::: ENTRIES PROVIDED
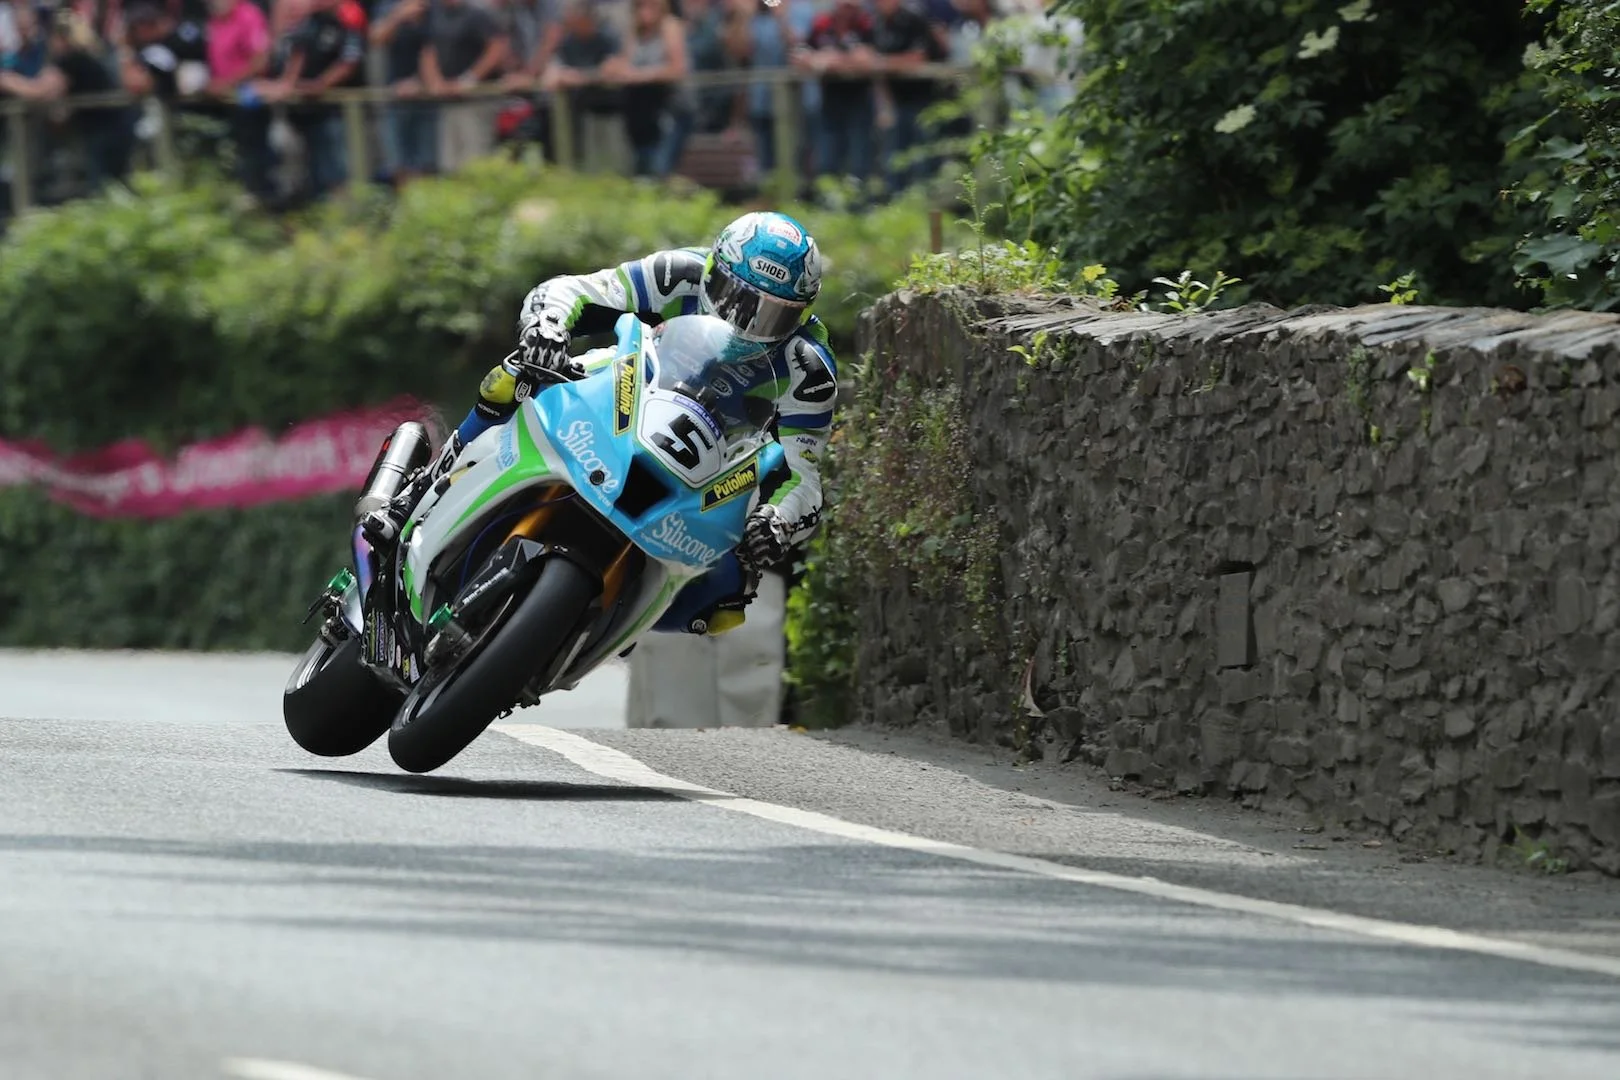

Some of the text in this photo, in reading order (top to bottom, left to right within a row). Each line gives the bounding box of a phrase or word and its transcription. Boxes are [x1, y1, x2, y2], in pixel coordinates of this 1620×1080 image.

[755, 260, 787, 281] SHOEI
[620, 363, 634, 415] Putoline
[556, 420, 619, 493] Silicone
[650, 413, 713, 470] 5
[713, 470, 755, 499] Putoline
[652, 511, 716, 562] Silicone
::::::
# [EXERCISE INSTRUCTIONS]
Reproduce every record above exactly, omitting the pictures.

# [WRITTEN SOLUTION]
Some of the text in this photo, in reading order (top to bottom, left to right within a row). Each line gives the bounding box of a phrase or word and its transcription. Boxes are [x1, y1, x2, y2], in pixel coordinates of this 1620×1080 image.

[755, 260, 787, 281] SHOEI
[620, 363, 634, 415] Putoline
[556, 420, 619, 493] Silicone
[650, 413, 713, 470] 5
[713, 470, 755, 499] Putoline
[652, 511, 716, 562] Silicone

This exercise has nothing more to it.